Essay: Dear Graduating Mona

Dear Mona sitting on a bus driving through the desert in Saudi Arabia taking teenage girls to a market to buy ugly matching graduation outfits in 1984.

First: I want you to know that my hair is now, in 2021, even shorter than yours was, and that’s saying something! 

You are on my mind because high school graduations are taking place in person again. Can you fucking believe we’re in the middle of a global pandemic? The first in a hundred years.

I’m writing to you, Mona of 1984,  at the end of a week that has been especially moving because our niece--the oldest nibling (a gender-neutral word for nieces and nephews similar to siblings)--graduated high school as valedictorian. Like you, she spoke at her graduation—and not in an ugly matching outfit!—which I watched on YouTube Live  because of the fucking pandemic. She was so confident and poised and I cried.

This week, another girl, who was also valedictorian, gloriously told the patriarchy in Texas--the American equivalent of Saudi Arabia--to fuck off.

How, with all those “you should” and “you must” were you supposed to figure out “I want” and “I desire”?  

Graduation season inspires grown ups to write the high school graduation speech they wish they had thought of decades ago. I’m writing a letter to you that has been decades in the making to tell you that even though you wore ugly matching outfits at your graduation, joy and liberation were on the other side of the horizon. One day, Future Mona will wear sequins as she stands at other podiums to address halls full of people who have come to hear her speak and she will conclude by conducting them in a chorus of FUCK THE PATRIARCHY! 

I am writing to you a week into Pride Month. In 1984, you had no idea what that was. You were 16, in love with a girl and a boy at the same time and thought everyone else was as well.

Ha!  The things you didn't know!

On that bus, a song called Holiday by someone called Madonna came on the radio and you wanted to hijack the vehicle and drive it into oncoming traffic because the song’s saccharine happiness hurt.

It's time for the good times

Forget about the bad times, oh yeah

One day to come together to release the pressure

We need a holiday

The Mona on that bus taking teenage girls to a market to get ugly matching graduation outfits is our fake self - Stand-in Mona. You moved to Jeddah two years earlier and felt like a prisoner of the “bad times.” Your happy self—Real Mona—was back in London, wandering the streets waiting for you to return and reclaim her and the “good times.”

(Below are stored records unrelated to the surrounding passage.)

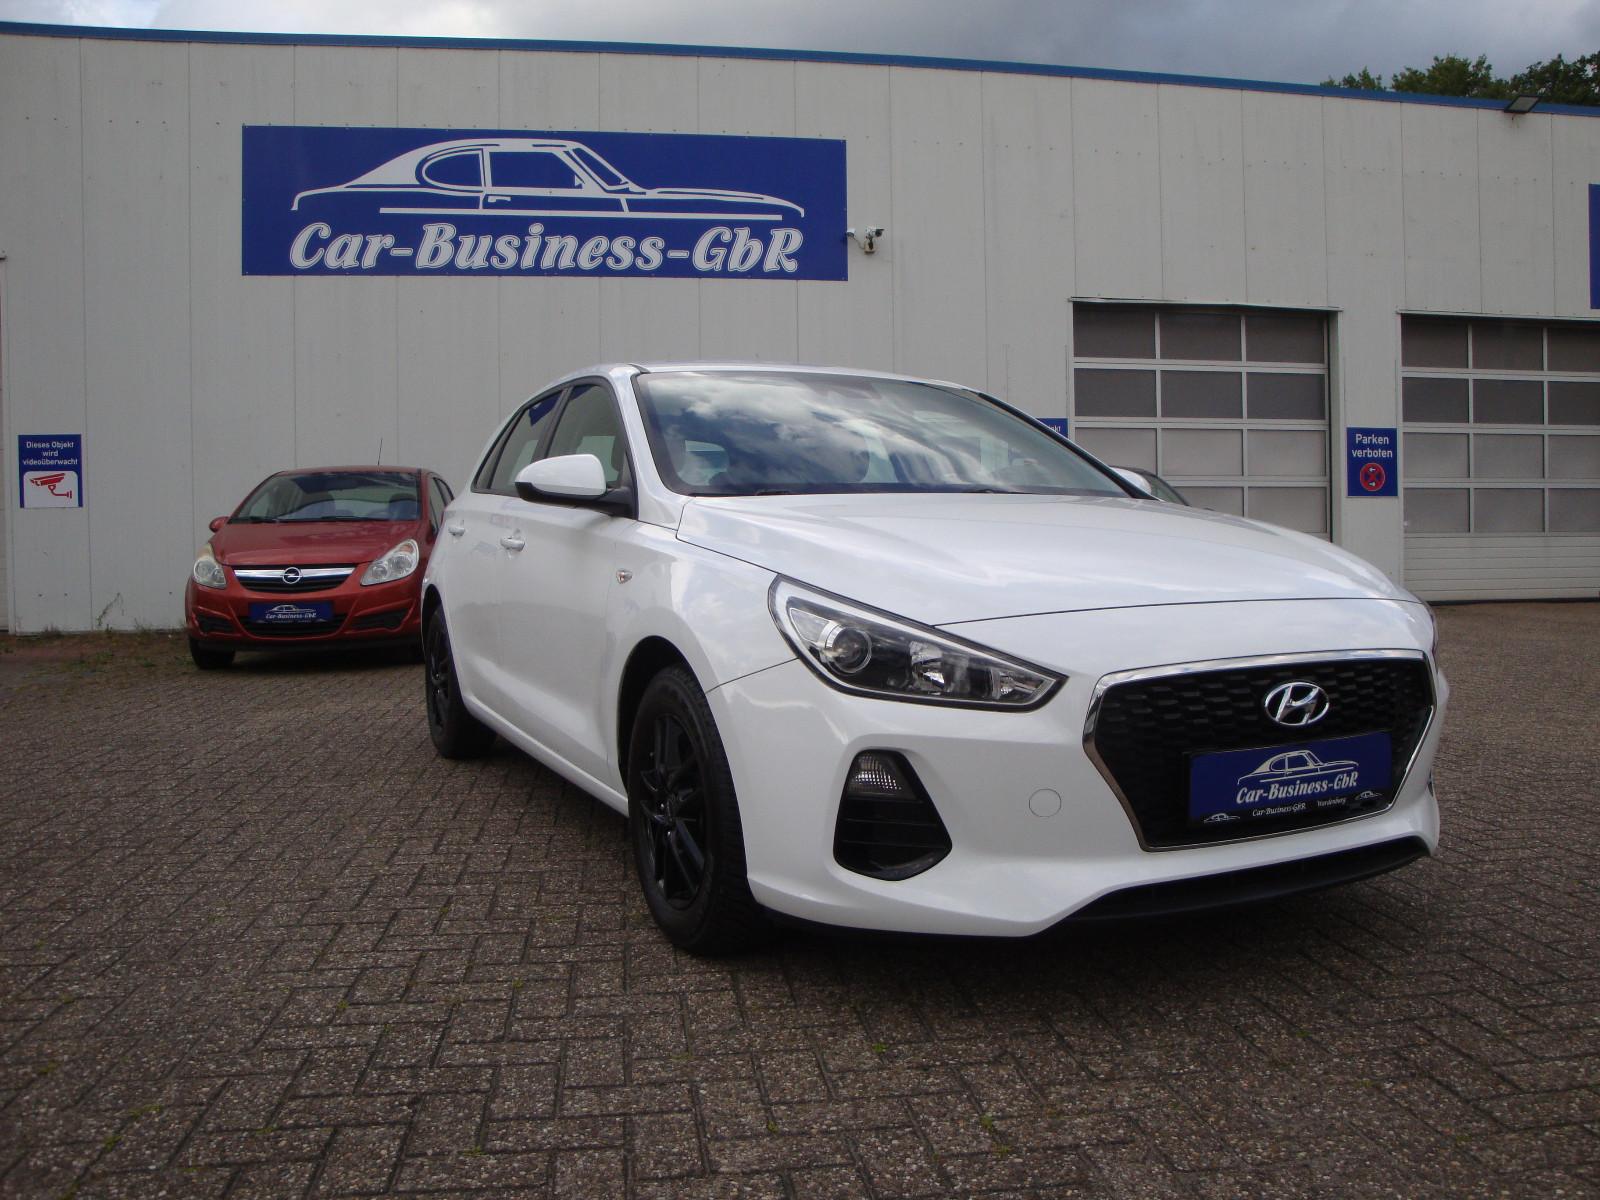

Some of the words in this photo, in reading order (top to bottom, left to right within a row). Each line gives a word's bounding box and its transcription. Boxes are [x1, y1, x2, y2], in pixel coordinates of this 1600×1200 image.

[290, 221, 804, 273] Car-Business-GbR
[1355, 433, 1390, 445] Parken
[26, 441, 50, 449] Dieses
[51, 441, 74, 450] Objekt
[1351, 448, 1393, 458] verboten
[23, 458, 78, 466] videoüberwacht
[1236, 771, 1359, 805] Car-Business-GbR
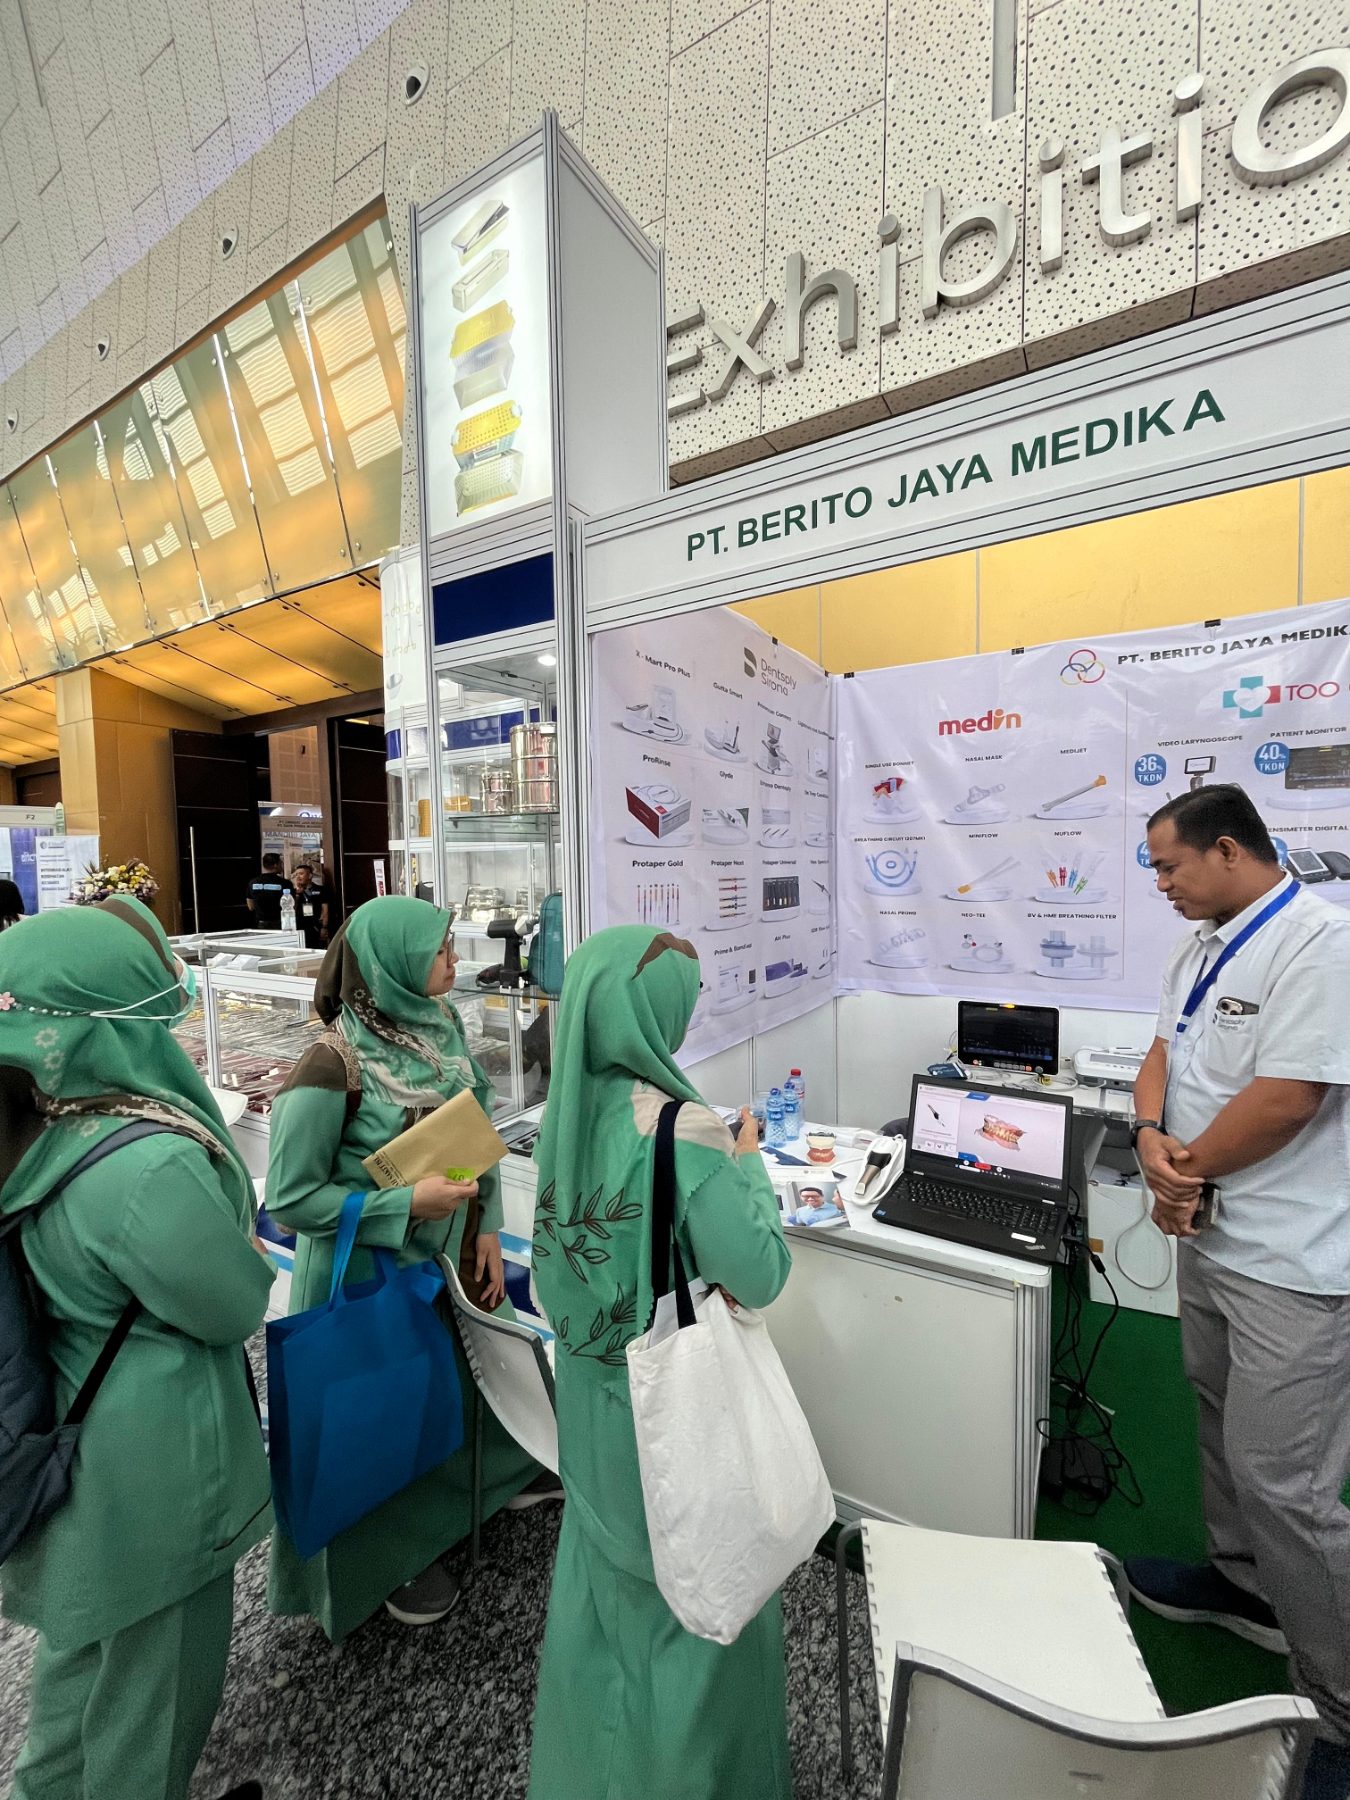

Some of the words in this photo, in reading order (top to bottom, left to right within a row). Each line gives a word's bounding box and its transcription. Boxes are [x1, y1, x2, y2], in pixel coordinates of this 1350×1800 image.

Giving the graduation speech in my ugly matching outfit, 1984

I wonder what a therapist would have said had you had the wherewithal to tell our parents that you sometimes imagined jumping off the balcony to end your misery, to press pause on the pain in your mind. 

Would the therapist have said "Of course you want to kill yourself. Girls are not designed to thrive under patriarchy!" Or would they have drugged you into oblivion and acquiescence?

What is the price of patriarchy for a girl? I have known several girls who, around the age of 16, step onto a minefield called depression. Nothing prepares you. Is it the realization of how little power we have? The pain of absorbing how long it would take until we could look the world in the eye and say "Fuck you, I do not consent!'?

I made a vow to you, sixteen-year-old Mona on the bus: I promised you I would never allow us to be stuck--that we would never be in a situation that we could not walk away from. Marriage. Children. Anything that would’ve required a life-time commitment: we did not consent. 

I want you to know that although we veered slightly off course into a disastrous marriage, I got us out after two years, and since then, we have lived, fucked, and danced our life to the fullest for decades.

This week, another girl, who was also valedictorian, gloriously told the patriarchy in Texas--the American equivalent of Saudi Arabia--to fuck off.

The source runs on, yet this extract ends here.